▶ PROBLEM DESCRIPTION:
Your copy of the data below must be exact and must leave out all pictures.

-- MATERIAL SHOWN follows --

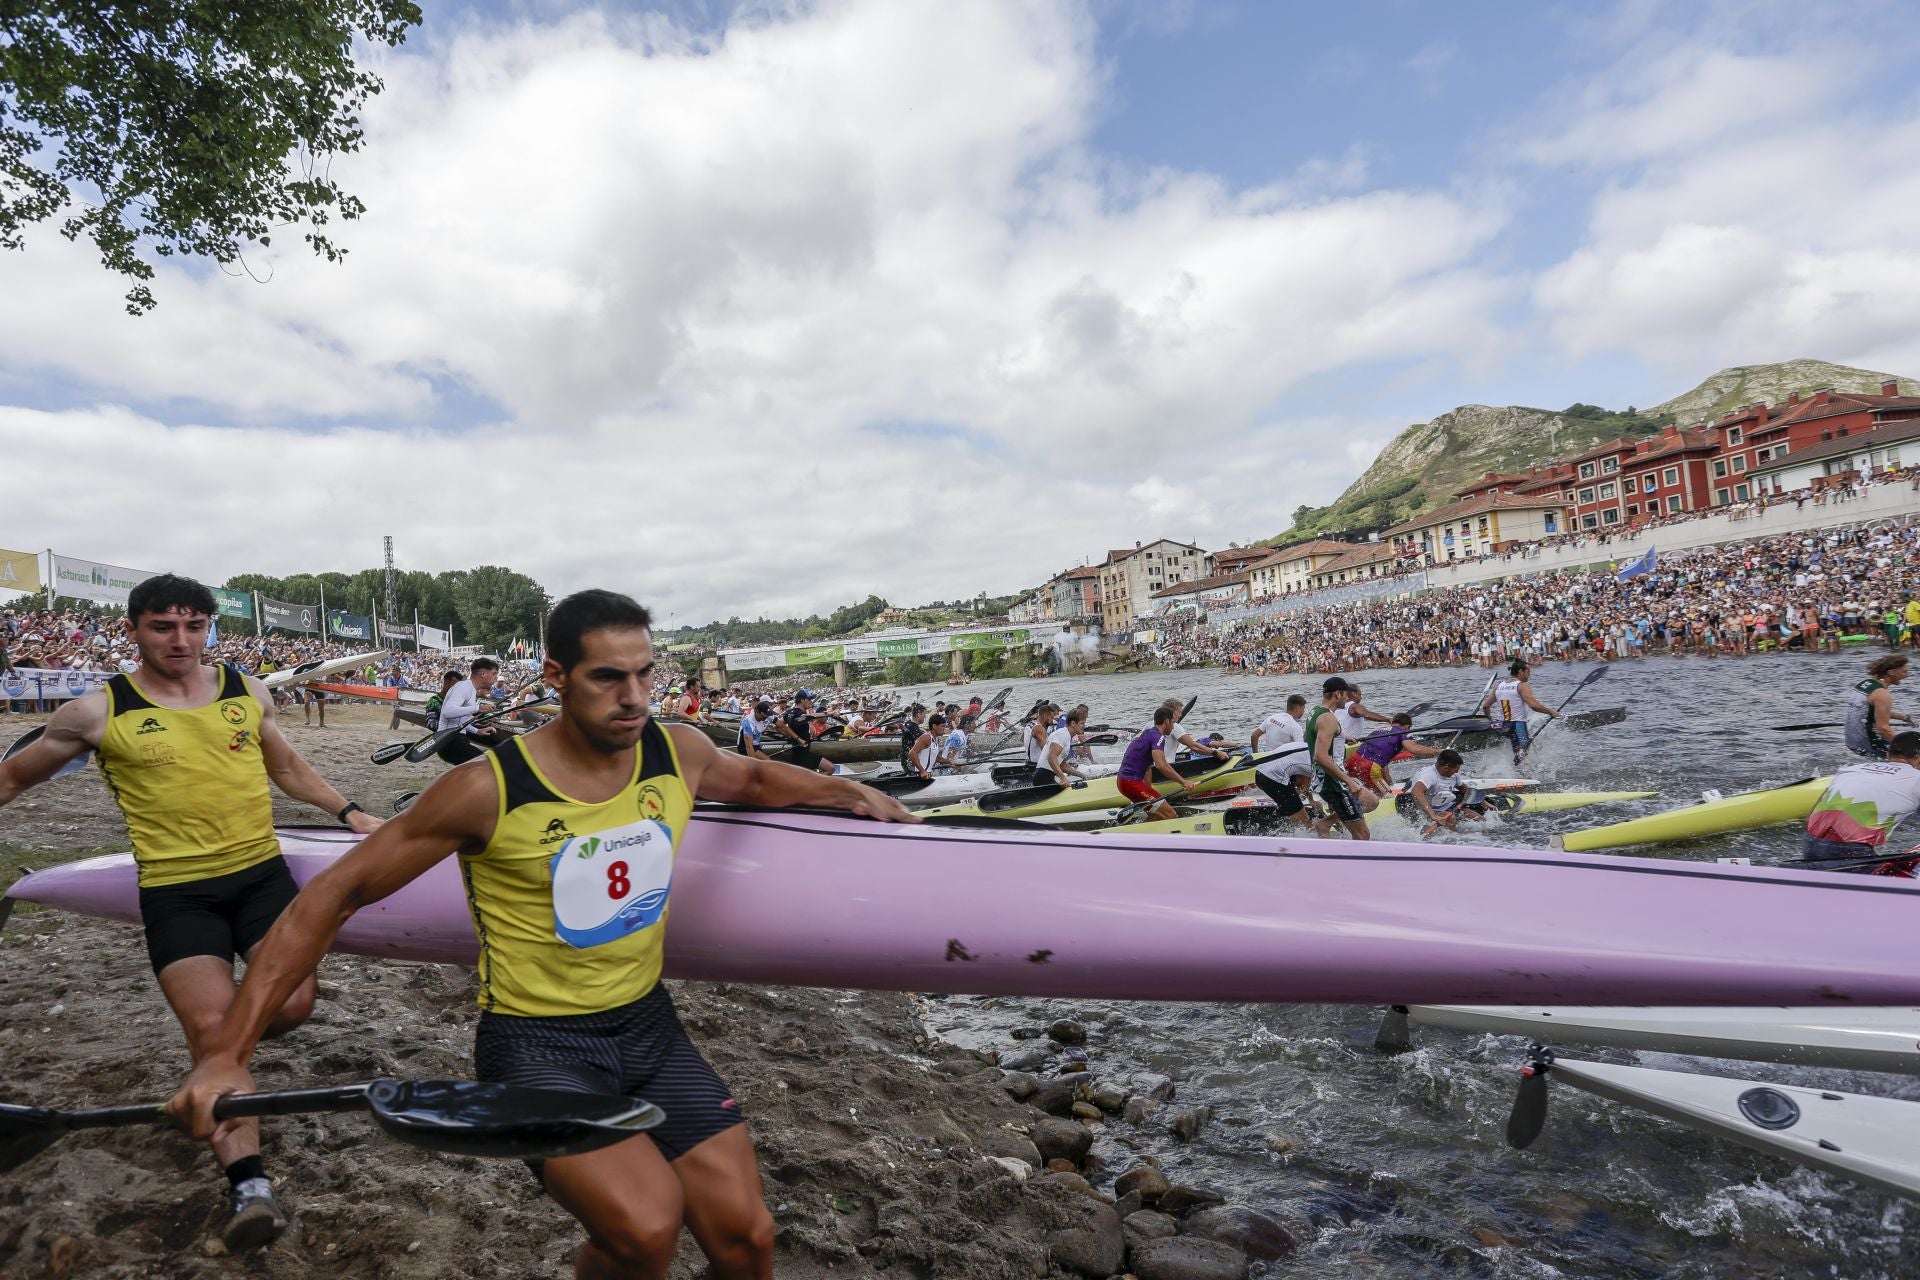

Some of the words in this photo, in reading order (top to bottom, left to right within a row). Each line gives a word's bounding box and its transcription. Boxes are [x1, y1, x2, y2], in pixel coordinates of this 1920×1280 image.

[57, 565, 90, 584] Asturias
[340, 624, 363, 638] Unicaja
[879, 642, 918, 652] PARAÍSO
[963, 798, 973, 806] 10
[604, 831, 652, 853] Unicaja
[606, 860, 632, 901] 8
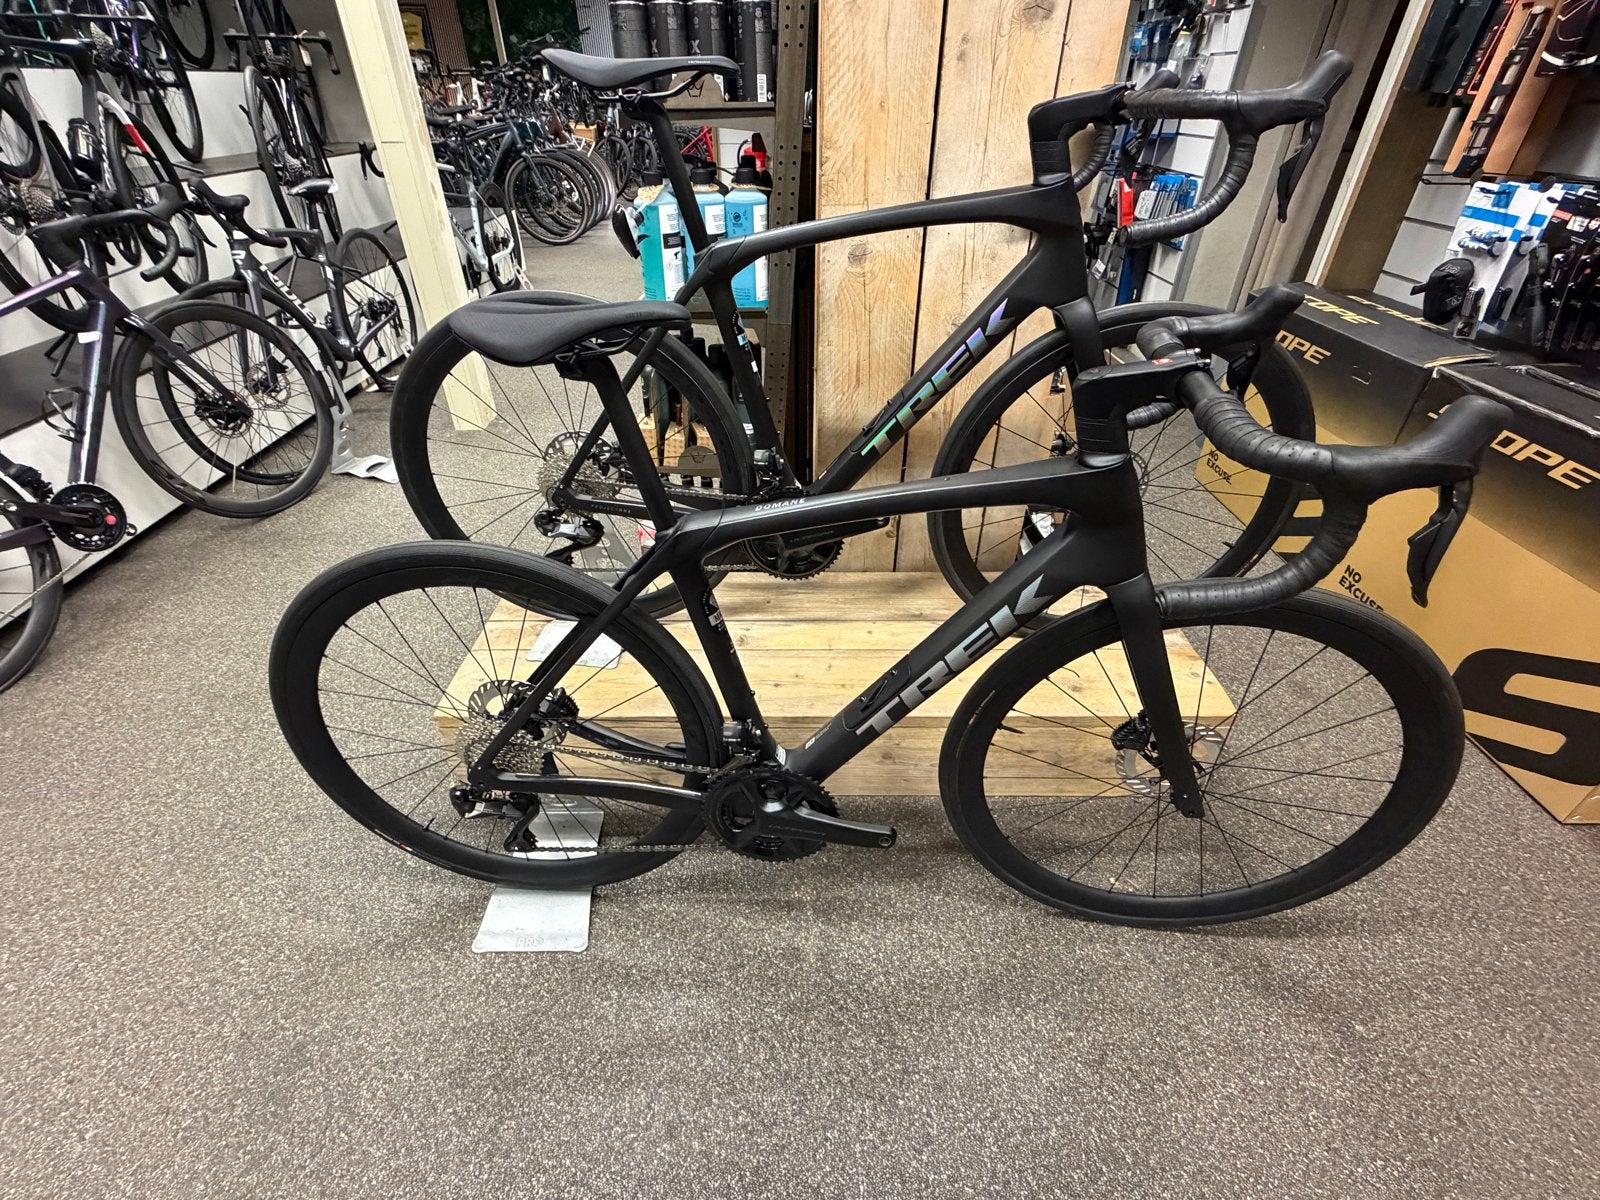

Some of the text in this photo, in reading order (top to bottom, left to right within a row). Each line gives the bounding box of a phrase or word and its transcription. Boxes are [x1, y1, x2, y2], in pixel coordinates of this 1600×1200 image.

[1274, 329, 1332, 365] OPE
[860, 297, 1016, 457] TREK
[754, 497, 807, 512] DOMANE
[1344, 564, 1362, 584] NO
[855, 573, 1054, 738] TREK

-- MATERIAL SHOWN concluded --

▶ RESULT:
Some of the words in this photo, in reading order (top to bottom, left to right within a row). Each line gives a word's bounding box and its transcription. Boxes are [x1, y1, x2, y2], in pixel coordinates of this 1920×1280 image.

[57, 565, 90, 584] Asturias
[340, 624, 363, 638] Unicaja
[879, 642, 918, 652] PARAÍSO
[963, 798, 973, 806] 10
[604, 831, 652, 853] Unicaja
[606, 860, 632, 901] 8

Some of the text in this photo, in reading order (top to bottom, left to right within a row). Each line gives the bounding box of a phrase or word and its transcription. Boxes are [x1, y1, x2, y2], in pixel coordinates of this 1600×1200 image.

[1274, 329, 1332, 365] OPE
[860, 297, 1016, 457] TREK
[754, 497, 807, 512] DOMANE
[1344, 564, 1362, 584] NO
[855, 573, 1054, 738] TREK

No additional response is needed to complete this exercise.